Set down the data below word for word, and leave the images aside.

(Data provided begins)

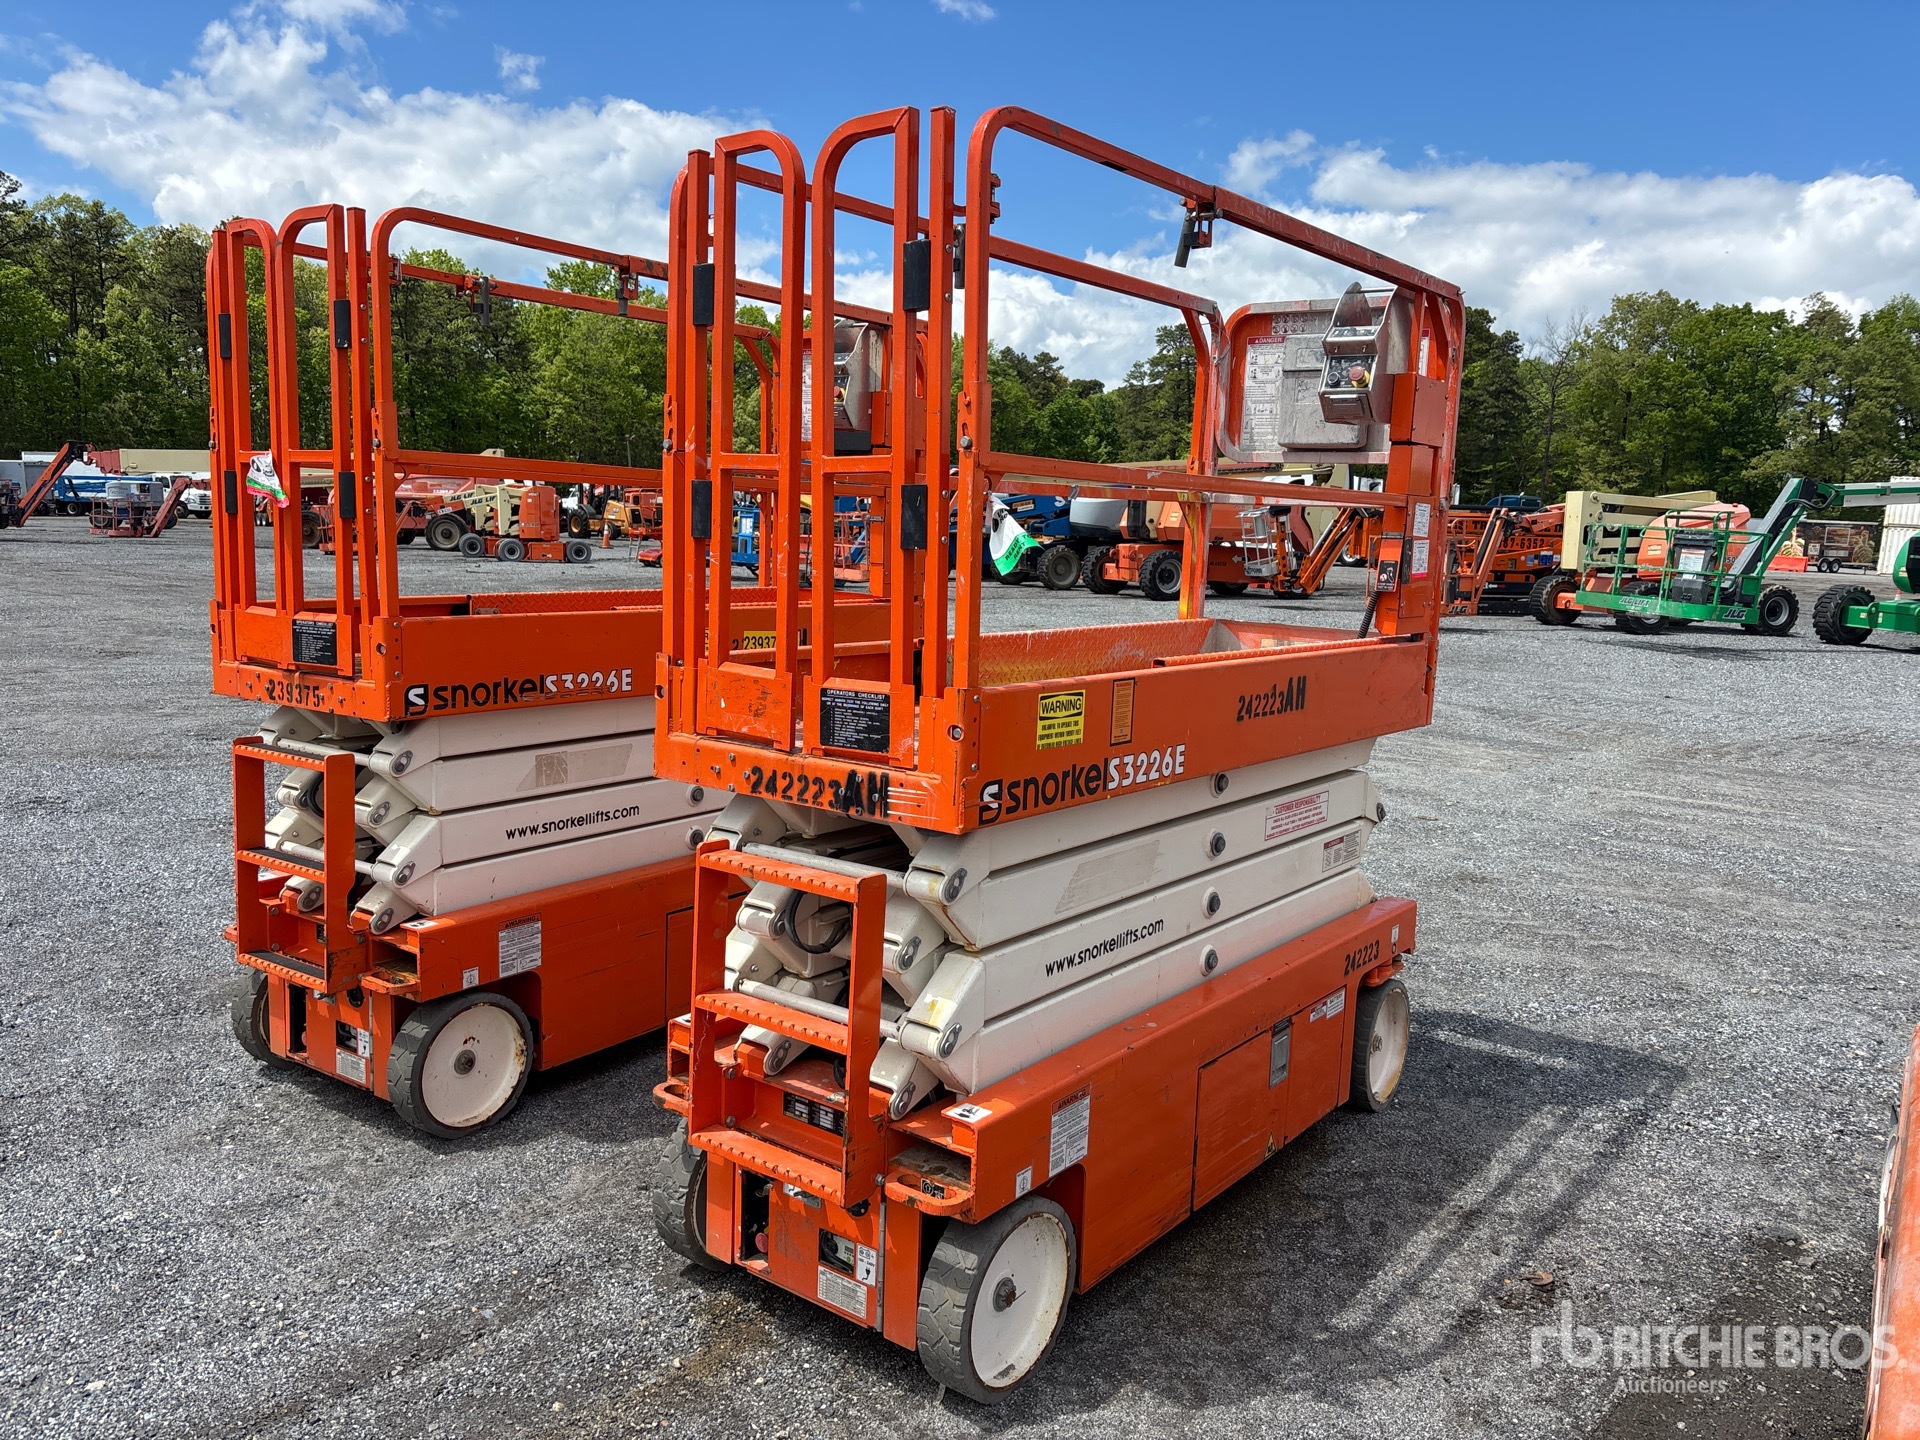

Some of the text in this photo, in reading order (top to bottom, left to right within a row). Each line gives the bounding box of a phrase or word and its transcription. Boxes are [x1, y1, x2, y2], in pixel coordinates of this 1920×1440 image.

[470, 498, 483, 506] JLG
[1723, 608, 1747, 619] JLG
[268, 678, 321, 708] 239375
[433, 675, 545, 711] snorkel
[826, 689, 886, 700] OPERATORS CHECKLIST
[1041, 698, 1082, 715] WARNING
[1006, 757, 1109, 815] snorkel
[1107, 743, 1187, 791] S3226E
[505, 805, 641, 841] www.snorkellifts.com
[1045, 918, 1165, 978] www.snorkellifts.com
[1343, 939, 1381, 978] 242223
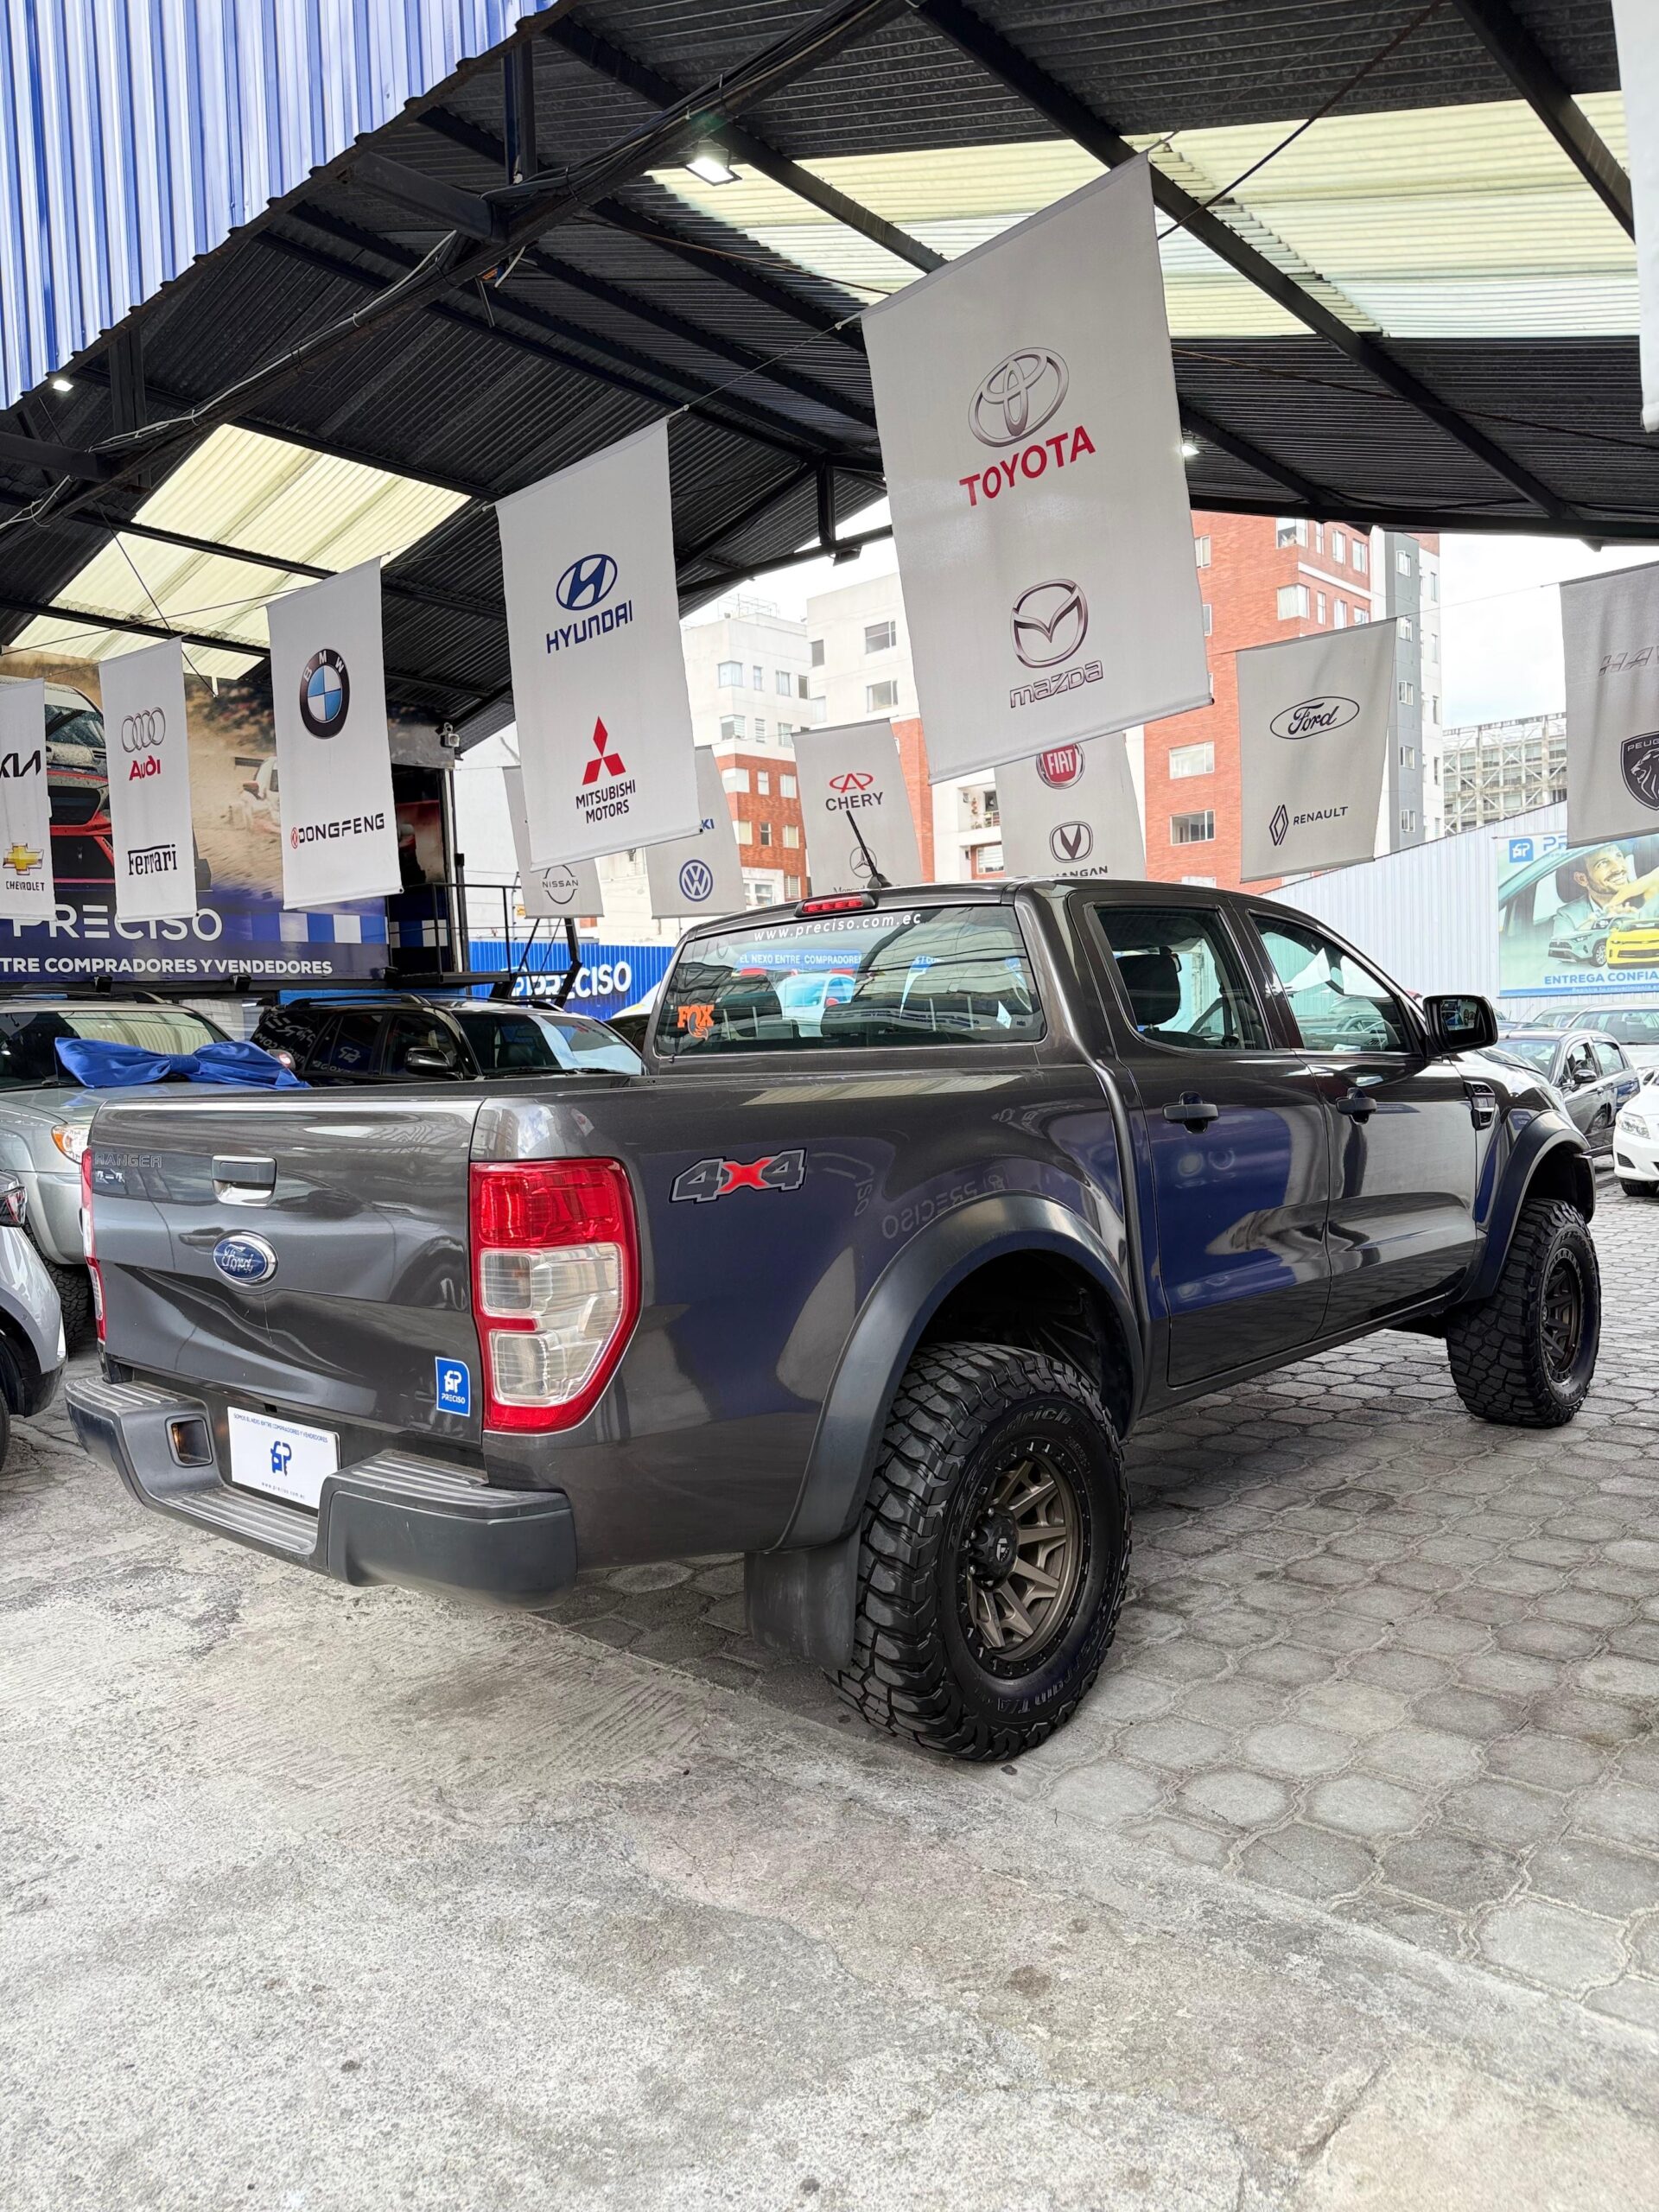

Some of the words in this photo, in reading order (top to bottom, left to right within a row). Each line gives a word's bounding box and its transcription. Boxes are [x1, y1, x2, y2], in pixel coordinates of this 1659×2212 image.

[959, 425, 1096, 507] TOYOTA
[546, 600, 633, 654] HYUNDAI
[303, 650, 344, 681] BMW
[1288, 702, 1340, 734] Ford
[130, 755, 162, 780] Audi
[1046, 749, 1074, 775] FIAT
[575, 779, 636, 809] MITSUBISHI
[825, 792, 883, 811] CHERY
[586, 799, 630, 823] MOTORS
[1294, 806, 1348, 825] RENAULT
[298, 812, 385, 844] DONGFENG
[128, 844, 177, 875] Ferrari
[6, 880, 45, 892] CHEVROLET
[542, 879, 579, 888] NISSAN
[754, 912, 922, 942] www.preciso.com.ec
[44, 957, 197, 974] COMPRADORES
[203, 959, 218, 973] Y
[218, 959, 334, 975] VENDEDORES
[751, 954, 773, 963] NEXO
[774, 954, 801, 964] ENTRE
[1544, 973, 1605, 985] ENTREGA
[677, 1004, 715, 1040] FOX
[95, 1153, 162, 1168] RANGER
[221, 1243, 254, 1274] Ford
[441, 1392, 466, 1404] PRECISO

(Data provided ends)

## Answer below
Some of the text in this photo, in reading order (top to bottom, left to right within a row). Each line gives the bounding box of a phrase or word and its transcription. Boxes are [x1, y1, x2, y2], in pixel coordinates of this 1920×1440 image.

[470, 498, 483, 506] JLG
[1723, 608, 1747, 619] JLG
[268, 678, 321, 708] 239375
[433, 675, 545, 711] snorkel
[826, 689, 886, 700] OPERATORS CHECKLIST
[1041, 698, 1082, 715] WARNING
[1006, 757, 1109, 815] snorkel
[1107, 743, 1187, 791] S3226E
[505, 805, 641, 841] www.snorkellifts.com
[1045, 918, 1165, 978] www.snorkellifts.com
[1343, 939, 1381, 978] 242223

Some of the words in this photo, in reading order (top to bottom, left to right within a row). Each line gives a word's bounding box and its transcription. Boxes are [x1, y1, x2, y2], in pixel coordinates of this 1659×2212 image.

[959, 425, 1096, 507] TOYOTA
[546, 600, 633, 654] HYUNDAI
[303, 650, 344, 681] BMW
[1288, 702, 1340, 734] Ford
[130, 755, 162, 780] Audi
[1046, 749, 1074, 775] FIAT
[575, 779, 636, 809] MITSUBISHI
[825, 792, 883, 811] CHERY
[586, 799, 630, 823] MOTORS
[1294, 806, 1348, 825] RENAULT
[298, 812, 385, 844] DONGFENG
[128, 844, 177, 875] Ferrari
[6, 880, 45, 892] CHEVROLET
[542, 879, 579, 888] NISSAN
[754, 912, 922, 942] www.preciso.com.ec
[44, 957, 197, 974] COMPRADORES
[203, 959, 218, 973] Y
[218, 959, 334, 975] VENDEDORES
[751, 954, 773, 963] NEXO
[774, 954, 801, 964] ENTRE
[1544, 973, 1605, 985] ENTREGA
[677, 1004, 715, 1040] FOX
[95, 1153, 162, 1168] RANGER
[221, 1243, 254, 1274] Ford
[441, 1392, 466, 1404] PRECISO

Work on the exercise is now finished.